Zing Forum

Reading

ModelRelay: A Reverse Connection Proxy Solution for Private LLM Deployment

ModelRelay uses a reverse WebSocket connection mode, allowing GPU worker nodes to actively connect to the central proxy. It solves issues like port exposure, insufficient load balancing, and complex configuration in traditional LLM deployments, supporting streaming transmission, request queuing, and end-to-end cancellation.

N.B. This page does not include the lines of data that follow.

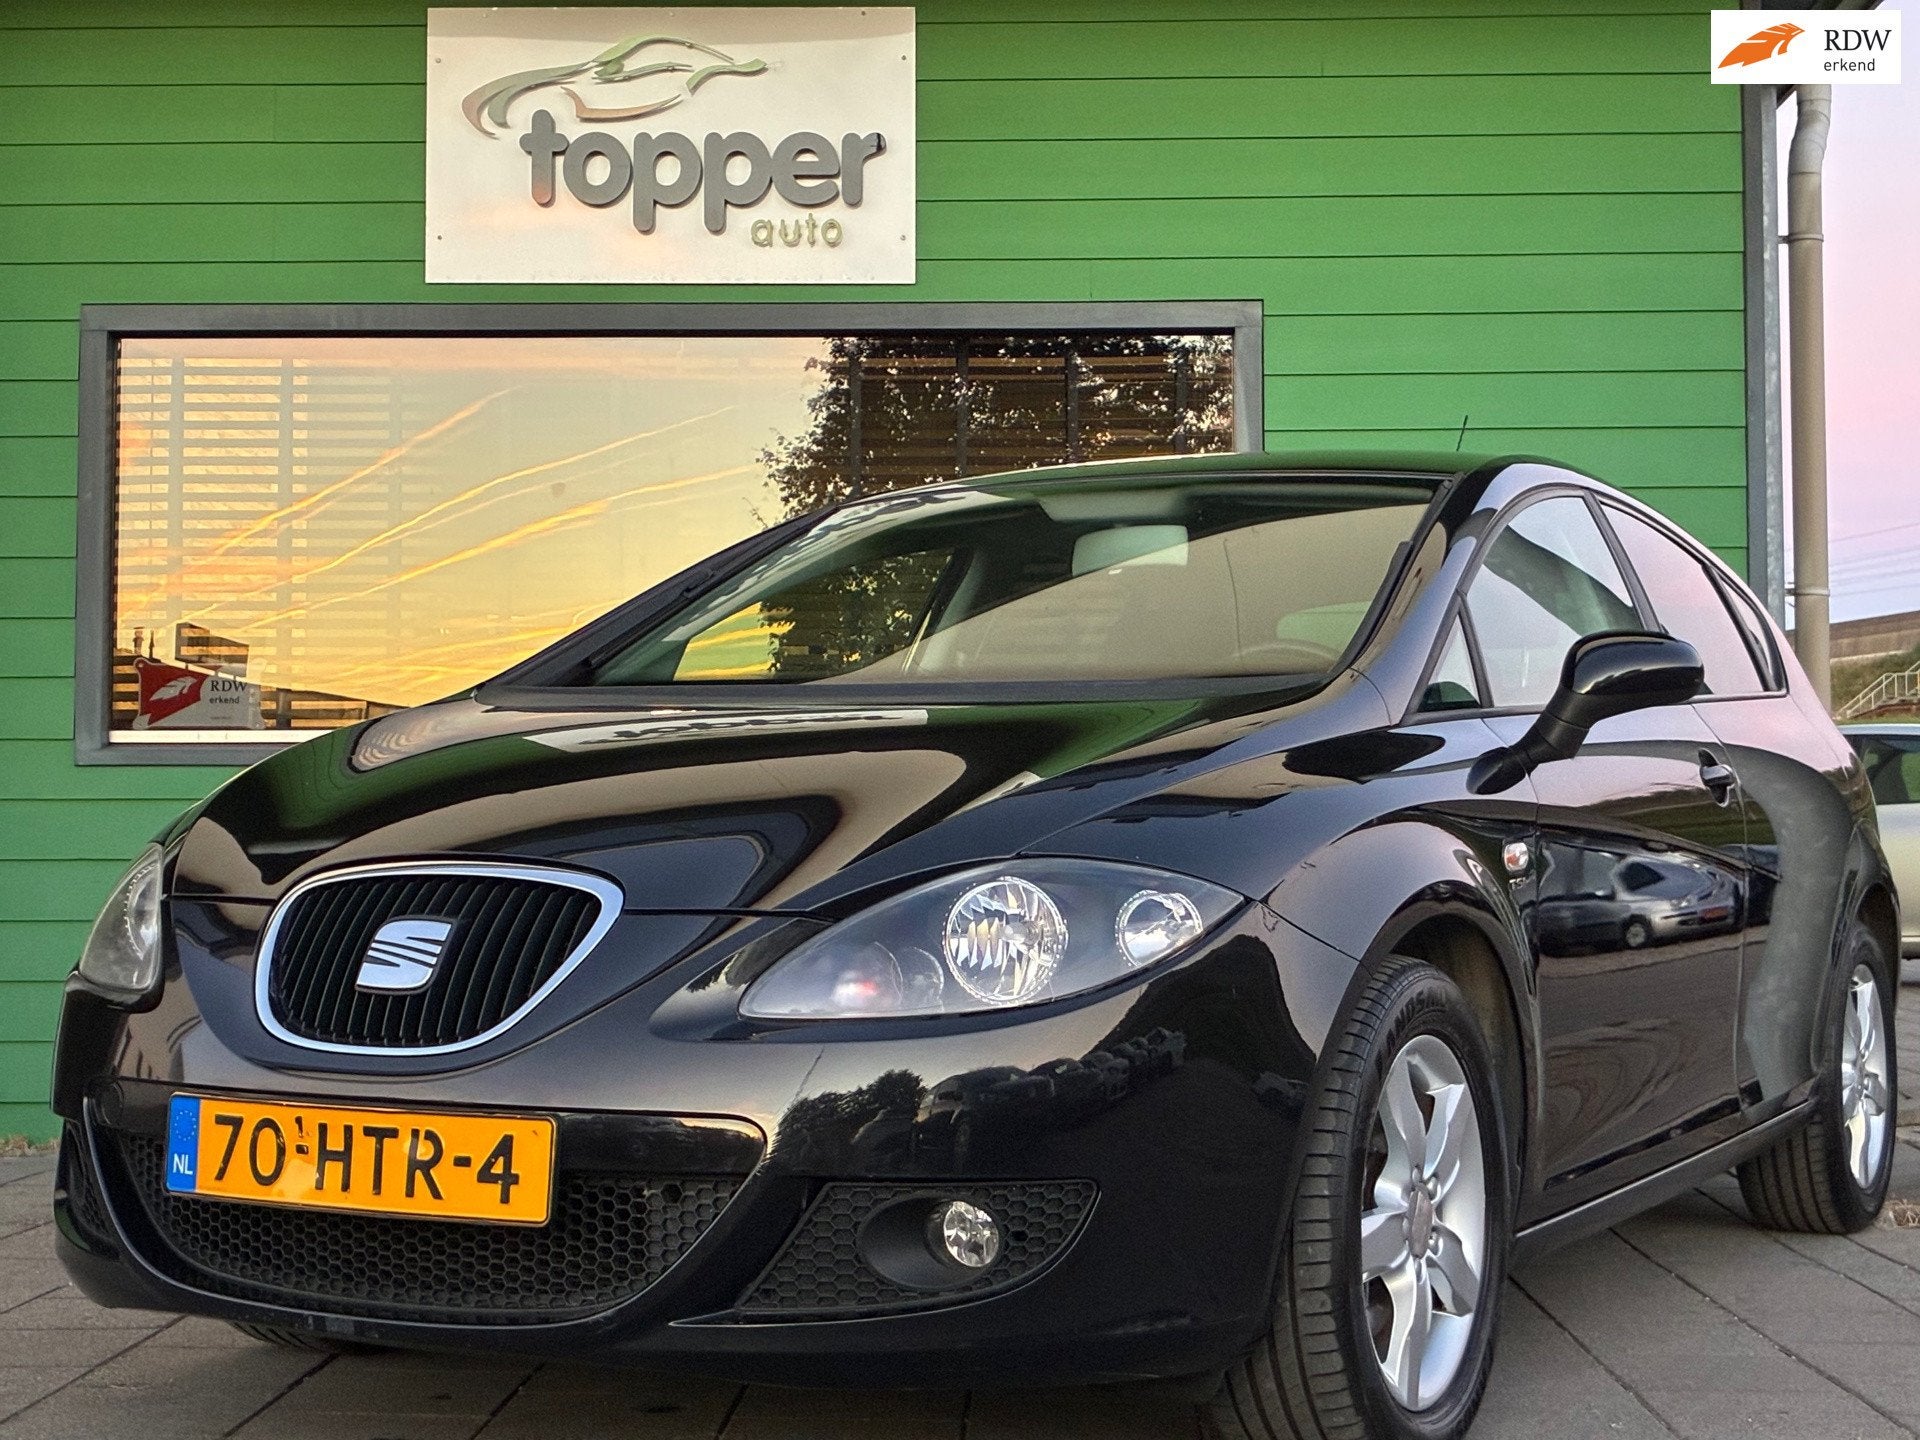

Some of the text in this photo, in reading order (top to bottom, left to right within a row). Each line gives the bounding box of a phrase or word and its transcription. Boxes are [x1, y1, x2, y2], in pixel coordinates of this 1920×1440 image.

[519, 109, 887, 233] topper
[751, 213, 843, 248] auto
[209, 695, 240, 704] erkend
[210, 680, 247, 692] RDW
[172, 1155, 193, 1175] NL
[214, 1113, 520, 1204] 70-HTR-4
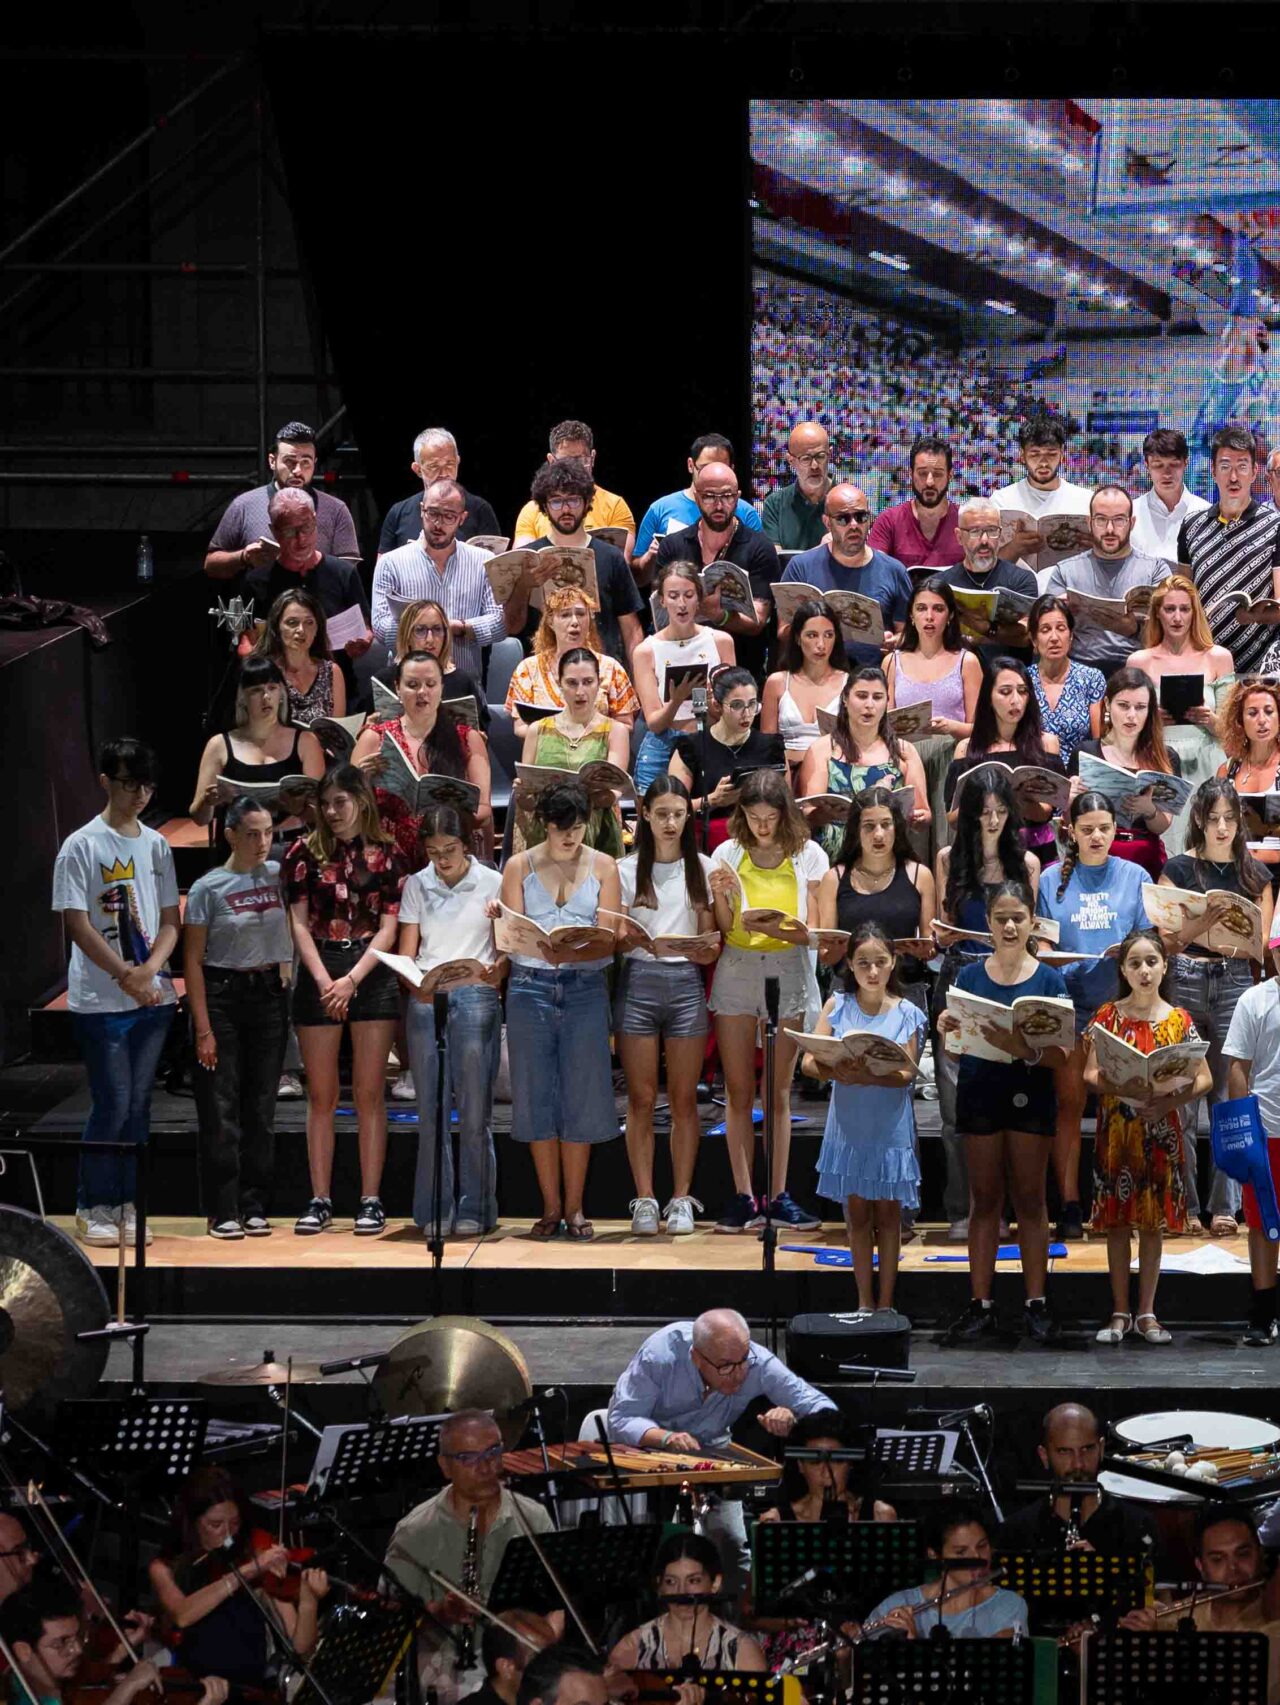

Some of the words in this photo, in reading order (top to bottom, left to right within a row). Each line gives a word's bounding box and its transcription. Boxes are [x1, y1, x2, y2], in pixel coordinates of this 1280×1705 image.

LLM代理GPUWebSocket私有化部署负载均衡流式传输
Published 2026-04-04 17:12Recent activity 2026-04-04 17:24Estimated read 6 min
ModelRelay: A Reverse Connection Proxy Solution for Private LLM Deployment
1

Section 01

ModelRelay: Introduction to the Reverse Connection Proxy Solution for Private LLM Deployment

ModelRelay uses a reverse WebSocket connection mode to solve issues like port exposure, insufficient load balancing, and complex configuration in traditional private LLM deployments. It supports streaming transmission, request queuing, and end-to-end cancellation, enabling efficient management of GPU resources distributed across different network environments.

2

Section 02

Dilemmas of Traditional LLM Deployment Modes

Traditional private LLM deployment has three major pain points:

  1. Direct port exposure: Requires port forwarding, DNS, and firewall configuration, lacks high availability, and has no request queuing or cancellation functions;
  2. Traditional load balancers (e.g., nginx/HAProxy): Cannot understand LLM streaming semantics, do not support request queuing, worker node authentication, or cancellation propagation;
  3. Cloud routing services (e.g., LiteLLM/OpenRouter): Cloud-first architecture, not suitable for the 'home connection' scenario of private hardware.
3

Section 03

Reverse Connection Architecture Design of ModelRelay

The core innovation of ModelRelay lies in the reverse connection mode: The central proxy server (modelrelay-server) receives client requests, and GPU worker nodes (modelrelay-worker) actively connect to the proxy via WebSocket. Under this architecture, GPU servers do not need to open inbound ports—they can join the cluster as long as they can access the proxy. Flow: Client request → Central proxy ← WebSocket ← GPU worker node.

4

Section 04

Core Functional Features of ModelRelay

ModelRelay provides professional features for LLM inference scenarios:

  • Request queue management: Requests enter the queue to wait when busy, supporting timeout settings;
  • Streaming transmission pass-through: Ensures sequential forwarding of SSE blocks, maintaining real-time interaction experience;
  • End-to-end cancellation propagation: Client disconnection signals are passed to the backend, avoiding GPU resource waste;
  • Auto re-queueing: Requests re-enter the queue when worker nodes crash;
  • Heartbeat and load tracking: Monitors node health and load, intelligently routes requests.
5

Section 05

Deployment and Usage Methods of ModelRelay

ModelRelay supports multiple deployment methods:

  1. Docker deployment: Pull the image and start the proxy server and worker nodes (example commands see original text);
  2. Native binary: Download from Releases or install via Cargo (cargo install modelrelay-server modelrelay-worker).
6

Section 06

Configuration and Tuning of ModelRelay

Proxy server configuration: Listen address, worker node authentication key, queue depth (--max-queue-len), queue timeout (--queue-timeout), request timeout (--request-timeout); Worker node configuration: Proxy URL, authentication key, backend service address, supported model list, concurrent request limit (--max-concurrency) to control GPU memory.

7

Section 07

Applicable Scenarios of ModelRelay

ModelRelay is suitable for three types of users:

  1. Home GPU users: Multiple home computers running local models, unified API access without complex network configuration;
  2. Teams: Pooling resources of local GPU servers, simplifying operation and maintenance;
  3. Researchers: Flexible scheduling of models in heterogeneous hardware environments without updating client configurations.
8

Section 08

Value Summary of ModelRelay

ModelRelay solves the pain points of private LLM deployment through reverse connection architecture, simplifies network configuration, and provides professional features (queuing, streaming, cancellation, etc.). Its open-source nature and active maintenance provide guarantees for long-term development, making it an ideal tool for efficient use of GPU resources in private environments.